Figure 3.4 shows the SCD results by the techniques McFIS, Ding’s, and Matsuoka’s approaches using three QPs = {40, 28, and 20} for Mixed video sequence. SAD ratio (Figure 3.4a), SATD ratio (Figure 3.4b), and NIP (Figure 3.4c) are plotted using McFIS, Ding’s, and Matsuoka’s algorithms, respectively. As we mentioned earlier, for the McFIS, a SCD occurs if the SAD ratio is above 1.7 (i.e., the SAD for the current frame is 70% greater than that of the previous frame). For Ding’s algorithm a SCD occurs if the SATD ratio is more than 1.7 [4]. For Matsuoka’s algorithm, a SCD occurs if the NIP is more than 1000 [20] for QCIF sequences. Thus, it is clear from the figure that for each of the SCD positions (i.e., 101, 151, 201, 251, 351, 401, 501, 551, 601, and 651-th frame), the McFIS-based technique and Ding’s methods successfully detect all scene changes. On the other hand, Matsuoka’s method successfully detects all scene changes except at the 501-th frame for QP = 40 and 28 due to the similarity in background between the salesman and grandma video sequences.
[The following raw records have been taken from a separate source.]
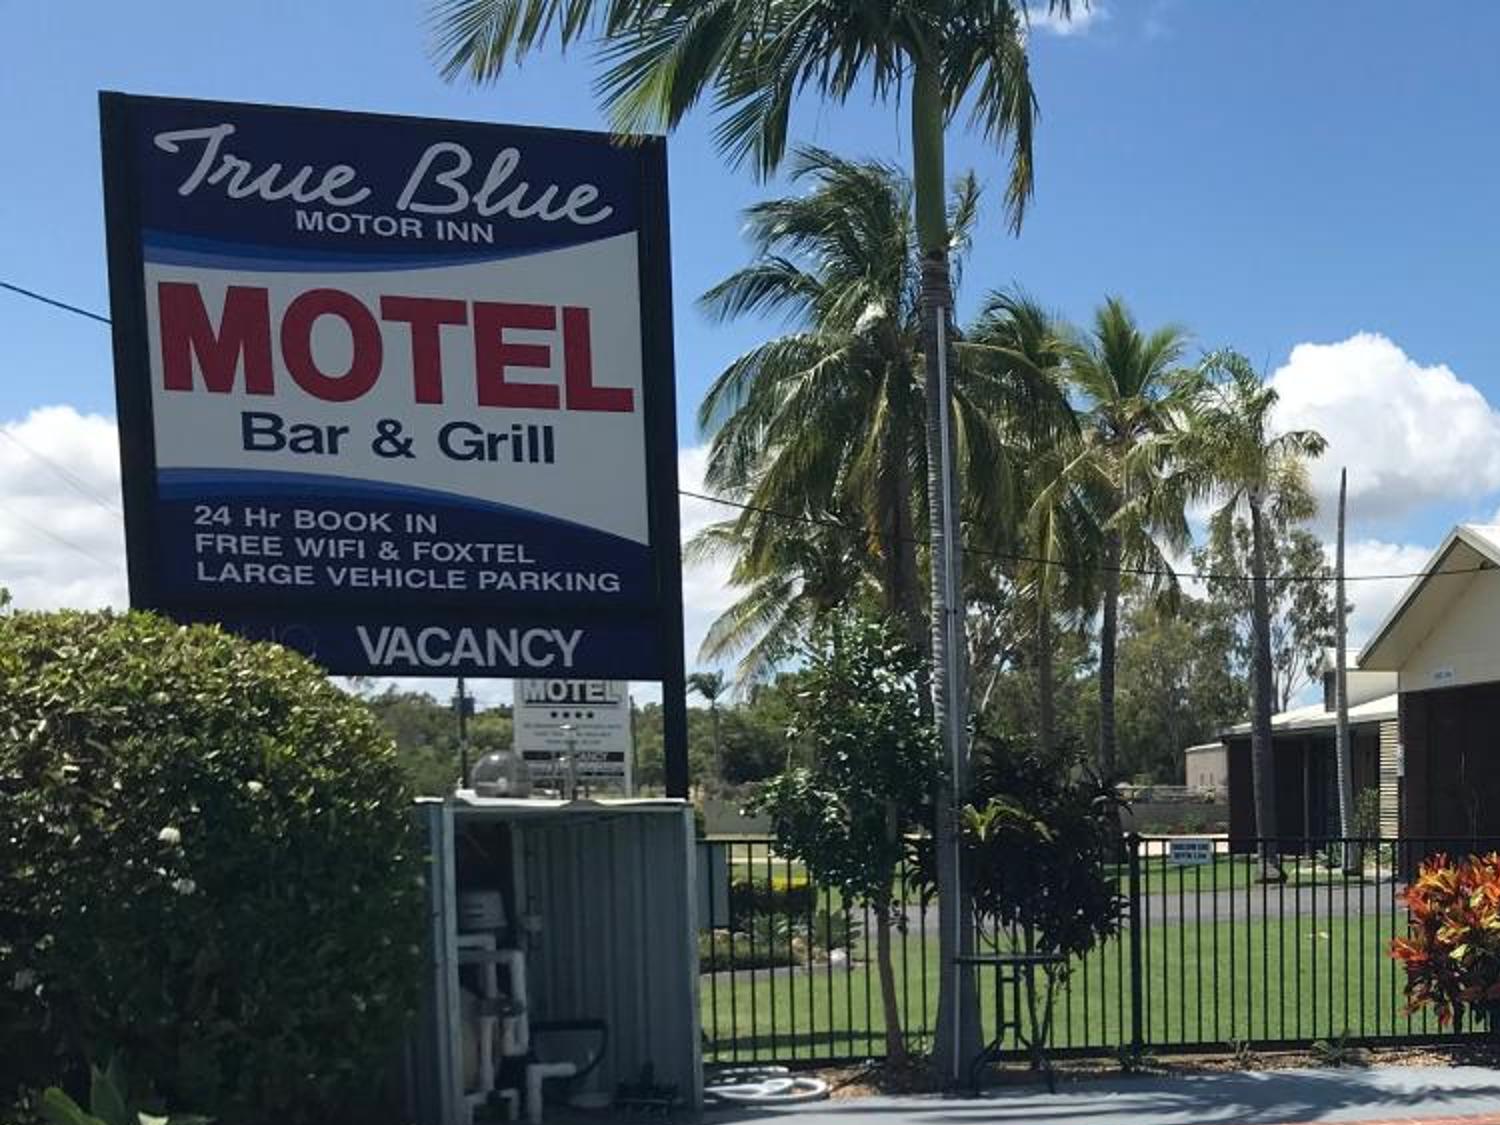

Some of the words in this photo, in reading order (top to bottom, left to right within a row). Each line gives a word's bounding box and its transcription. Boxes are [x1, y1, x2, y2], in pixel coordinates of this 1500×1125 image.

[154, 124, 371, 207] True
[397, 142, 613, 225] Blue
[296, 209, 423, 240] MOTOR
[436, 218, 495, 244] INN
[157, 281, 635, 413] MOTEL
[241, 411, 349, 456] Bar
[371, 418, 416, 459] &
[438, 420, 556, 464] Grill
[194, 505, 232, 526] 24
[244, 507, 282, 529] Hr
[294, 509, 393, 534] BOOK
[405, 512, 438, 535] IN
[195, 533, 283, 557] FREE
[295, 537, 366, 560] WIFI
[378, 541, 400, 561] &
[413, 541, 536, 564] FOXTEL
[197, 561, 316, 586] LARGE
[327, 566, 468, 590] VEHICLE
[479, 571, 622, 593] PARKING
[357, 625, 584, 668] VACANCY
[522, 680, 620, 702] MOTEL
3.3 Efficient Video Coding Techniques

H.264 introduces variable block-sized ME and MC where a 16 × 16-pixel macroblock (MB) is partitioned into several small rectangular or square-shaped blocks. ME and MC are carried out for all possible combinations, and the ultimate block size is selected based on the Lagrangian optimization [23,24] using the bits and distortions of the corresponding blocks. The real-world objects, by nature, may be in any arbitrary shapes; thus, the ME and MC using only rectangular/square-shaped blocks may roughly approximate the real shape, and thus the coding gain would not be satisfactory. A number of research works are conducted using nonrectangular block partitioning [25,26,27], called geometric shape partitioning, motion-based implicit block partitioning, and L-shaped partitioning. Requirement of excessively high computational complexity in the segmentation process and the marginal improvement over H.264 makes them less effective for real-time applications. Moreover, the requirement of precious extra bits for encoding the area covering almost static background makes the aforementioned algorithms inefficient in terms of rate-distortion performance [3]. Exploiting nonrectangular block partitioning and partial block skipping, an advanced video coding technique named pattern-based video coding (PVC) technique [3,28,29] outperforms the H.264. Details of the PVC techniques are discussed in following subsection.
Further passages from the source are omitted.